ASSIGNED TASK » Give the data again exactly as written, skipping any pictures.

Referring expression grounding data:
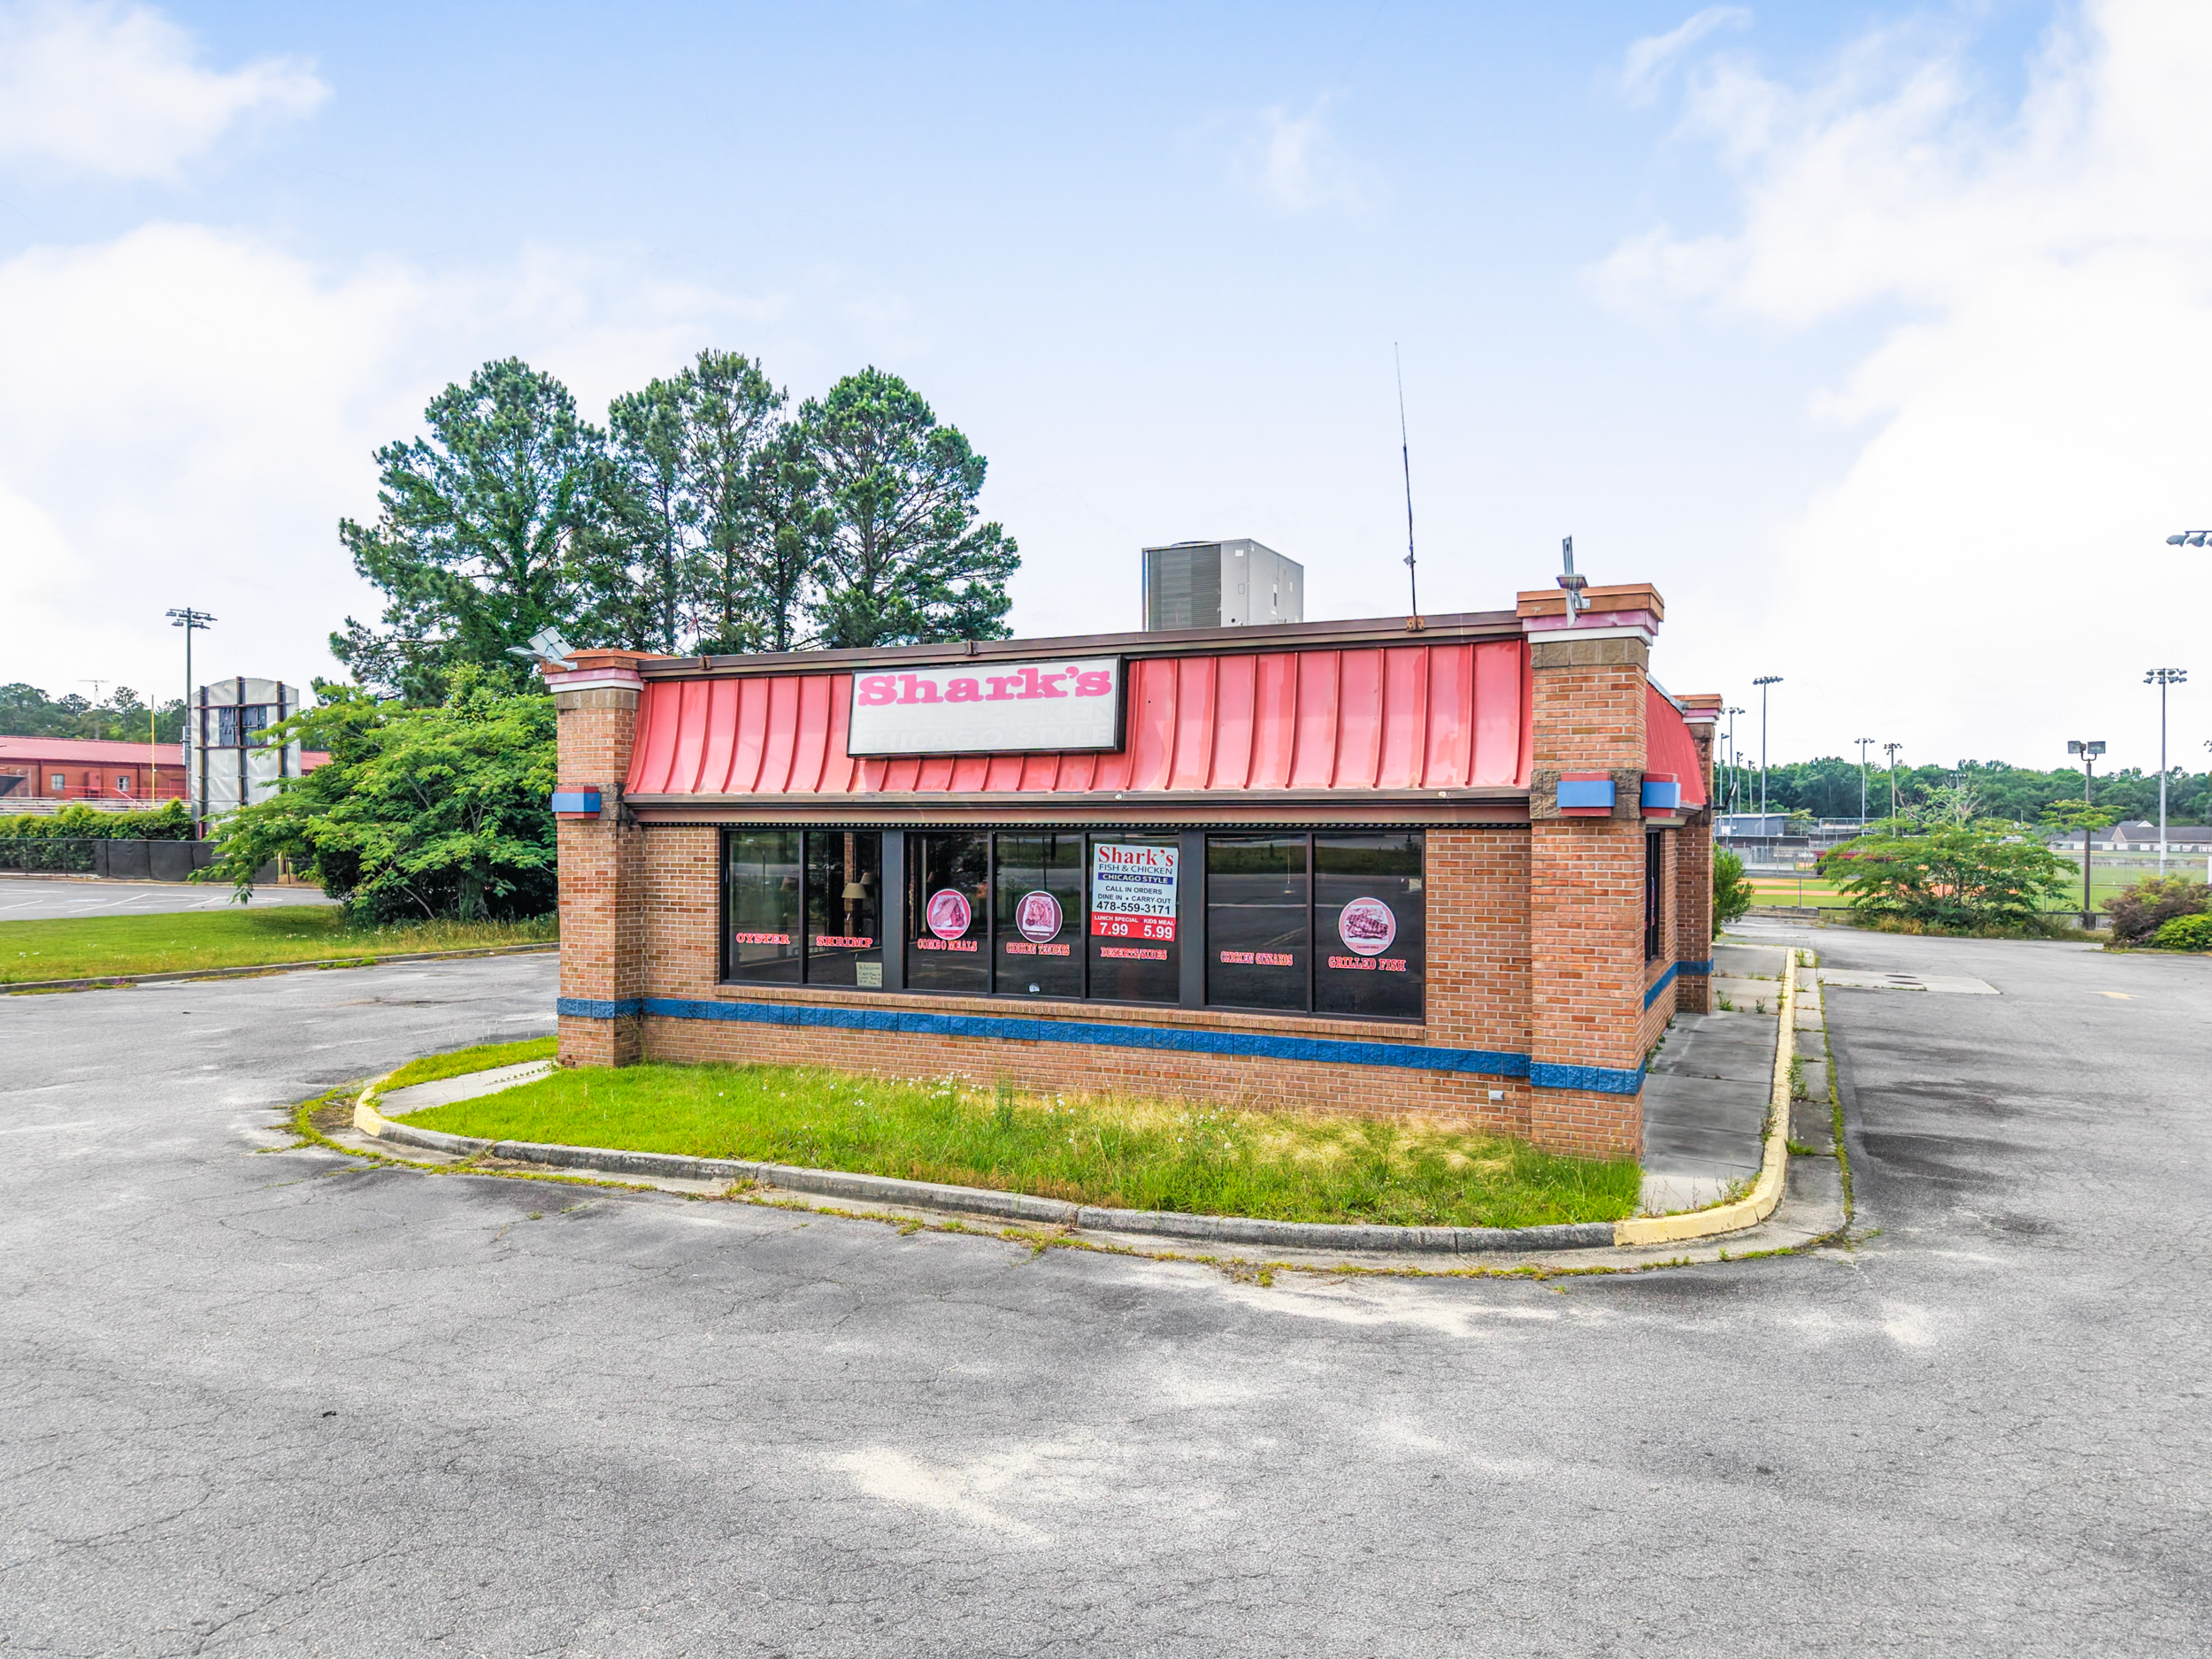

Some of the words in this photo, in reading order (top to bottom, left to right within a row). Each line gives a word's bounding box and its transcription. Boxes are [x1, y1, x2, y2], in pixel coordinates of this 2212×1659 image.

[857, 666, 1112, 707] Shark's
[856, 729, 1004, 749] CHICAGO
[1016, 726, 1109, 745] STYLE
[1099, 846, 1173, 866] Shark's
[1131, 865, 1172, 874] CHICKEN
[1097, 901, 1170, 914] 478-559-3171
[1100, 922, 1128, 935] 7.99
[1144, 925, 1172, 939] 5.99
[736, 933, 790, 945] OYSTER
[817, 936, 872, 948] SHRIMP
[917, 938, 947, 950] COMBO
[948, 941, 978, 952] MEALS
[1006, 942, 1037, 954] CHICKEN
[1038, 943, 1070, 956] TENDERS
[1101, 947, 1167, 960] DESERTS/SIDES
[1220, 951, 1254, 964] CHICKEN
[1256, 952, 1293, 966] GIZZARDS
[1328, 956, 1376, 970] GRILLED
[1379, 958, 1406, 972] FISH
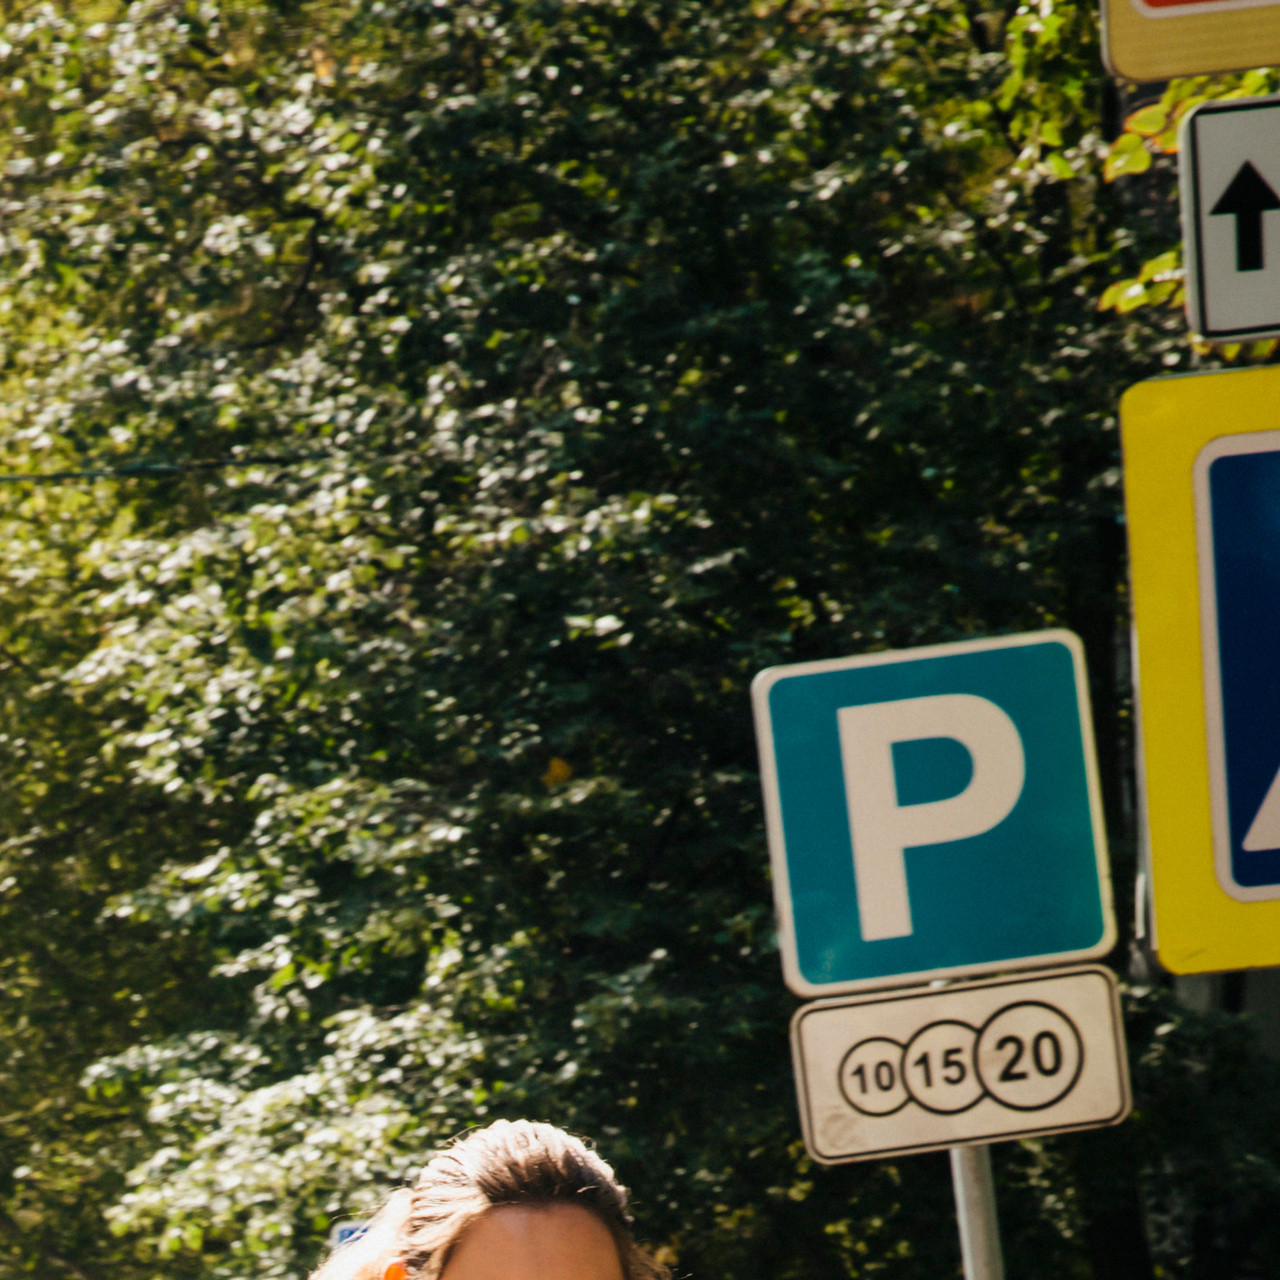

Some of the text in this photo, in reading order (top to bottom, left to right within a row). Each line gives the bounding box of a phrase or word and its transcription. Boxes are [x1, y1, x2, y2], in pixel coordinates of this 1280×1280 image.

SOLUTION TO THIS TASK »
Some of the words in this photo, in reading order (top to bottom, left to right within a row). Each line gives a word's bounding box and its transcription. Boxes are [x1, y1, x2, y2], in pixel coordinates of this 2212×1659 image.

[857, 666, 1112, 707] Shark's
[856, 729, 1004, 749] CHICAGO
[1016, 726, 1109, 745] STYLE
[1099, 846, 1173, 866] Shark's
[1131, 865, 1172, 874] CHICKEN
[1097, 901, 1170, 914] 478-559-3171
[1100, 922, 1128, 935] 7.99
[1144, 925, 1172, 939] 5.99
[736, 933, 790, 945] OYSTER
[817, 936, 872, 948] SHRIMP
[917, 938, 947, 950] COMBO
[948, 941, 978, 952] MEALS
[1006, 942, 1037, 954] CHICKEN
[1038, 943, 1070, 956] TENDERS
[1101, 947, 1167, 960] DESERTS/SIDES
[1220, 951, 1254, 964] CHICKEN
[1256, 952, 1293, 966] GIZZARDS
[1328, 956, 1376, 970] GRILLED
[1379, 958, 1406, 972] FISH

Some of the text in this photo, in reading order (top to bottom, left to right within a row). Each line gives the bounding box of a phrase or word and its transcription. Boxes are [x1, y1, x2, y2], in pixel coordinates of this 1280×1280 image.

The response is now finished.